▶ [Your task]: If a line in the data below includes the string "MAYIS", please return a copy of it.

▶ [Material provided]:
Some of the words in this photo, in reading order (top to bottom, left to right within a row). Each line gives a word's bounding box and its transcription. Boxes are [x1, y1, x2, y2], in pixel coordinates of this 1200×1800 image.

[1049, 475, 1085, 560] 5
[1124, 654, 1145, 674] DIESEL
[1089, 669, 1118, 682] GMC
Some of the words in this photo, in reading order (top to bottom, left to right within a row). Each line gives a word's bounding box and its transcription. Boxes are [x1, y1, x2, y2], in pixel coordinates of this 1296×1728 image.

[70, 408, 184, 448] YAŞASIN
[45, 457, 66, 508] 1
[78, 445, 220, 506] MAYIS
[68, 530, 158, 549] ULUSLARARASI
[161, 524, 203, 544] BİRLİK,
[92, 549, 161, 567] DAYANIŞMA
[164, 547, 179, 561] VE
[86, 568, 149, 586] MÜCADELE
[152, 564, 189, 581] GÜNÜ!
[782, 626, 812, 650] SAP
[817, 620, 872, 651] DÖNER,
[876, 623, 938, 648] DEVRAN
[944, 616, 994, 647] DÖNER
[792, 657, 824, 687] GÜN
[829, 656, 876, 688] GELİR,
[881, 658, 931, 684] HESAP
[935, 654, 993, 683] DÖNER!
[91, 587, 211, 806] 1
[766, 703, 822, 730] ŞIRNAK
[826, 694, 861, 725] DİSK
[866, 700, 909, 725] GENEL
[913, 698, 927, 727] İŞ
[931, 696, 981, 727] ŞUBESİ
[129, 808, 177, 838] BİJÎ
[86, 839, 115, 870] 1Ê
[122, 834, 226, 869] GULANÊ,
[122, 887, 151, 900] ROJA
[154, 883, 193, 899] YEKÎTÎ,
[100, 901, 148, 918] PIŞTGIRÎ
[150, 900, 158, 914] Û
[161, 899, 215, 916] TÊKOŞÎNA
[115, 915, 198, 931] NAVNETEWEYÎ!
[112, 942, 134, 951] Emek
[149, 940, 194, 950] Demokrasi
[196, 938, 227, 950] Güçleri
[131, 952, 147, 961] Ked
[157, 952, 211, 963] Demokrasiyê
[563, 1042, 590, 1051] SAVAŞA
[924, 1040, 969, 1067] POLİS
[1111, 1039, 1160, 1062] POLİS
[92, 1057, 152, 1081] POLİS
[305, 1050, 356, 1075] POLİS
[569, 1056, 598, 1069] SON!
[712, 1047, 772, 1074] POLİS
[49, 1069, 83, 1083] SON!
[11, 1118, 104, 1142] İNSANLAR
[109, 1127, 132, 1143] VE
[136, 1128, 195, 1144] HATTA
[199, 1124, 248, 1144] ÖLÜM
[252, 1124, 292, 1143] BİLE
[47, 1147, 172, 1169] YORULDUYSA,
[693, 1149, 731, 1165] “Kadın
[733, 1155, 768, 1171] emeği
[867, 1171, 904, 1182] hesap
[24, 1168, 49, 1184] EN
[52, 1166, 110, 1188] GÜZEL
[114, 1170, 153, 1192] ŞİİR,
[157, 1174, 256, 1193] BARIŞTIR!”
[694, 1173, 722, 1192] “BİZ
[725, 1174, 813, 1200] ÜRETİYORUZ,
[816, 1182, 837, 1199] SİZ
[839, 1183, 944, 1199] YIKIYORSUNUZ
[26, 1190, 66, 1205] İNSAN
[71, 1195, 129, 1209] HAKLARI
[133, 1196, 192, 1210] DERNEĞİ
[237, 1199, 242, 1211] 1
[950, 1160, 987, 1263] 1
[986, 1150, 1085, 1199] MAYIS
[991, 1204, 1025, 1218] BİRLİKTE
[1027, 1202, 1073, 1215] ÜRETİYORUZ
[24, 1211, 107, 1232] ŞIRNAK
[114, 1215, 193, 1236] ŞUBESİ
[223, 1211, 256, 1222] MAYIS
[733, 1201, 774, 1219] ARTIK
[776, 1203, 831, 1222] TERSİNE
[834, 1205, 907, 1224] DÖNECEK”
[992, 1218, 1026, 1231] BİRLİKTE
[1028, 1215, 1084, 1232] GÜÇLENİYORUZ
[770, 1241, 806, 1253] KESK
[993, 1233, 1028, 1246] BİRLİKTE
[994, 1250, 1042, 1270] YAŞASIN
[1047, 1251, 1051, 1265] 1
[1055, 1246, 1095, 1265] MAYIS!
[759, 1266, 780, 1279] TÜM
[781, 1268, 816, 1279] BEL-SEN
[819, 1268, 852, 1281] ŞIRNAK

▶ [Answer area]:
[78, 445, 220, 506] MAYIS
[986, 1150, 1085, 1199] MAYIS
[223, 1211, 256, 1222] MAYIS
[1055, 1246, 1095, 1265] MAYIS!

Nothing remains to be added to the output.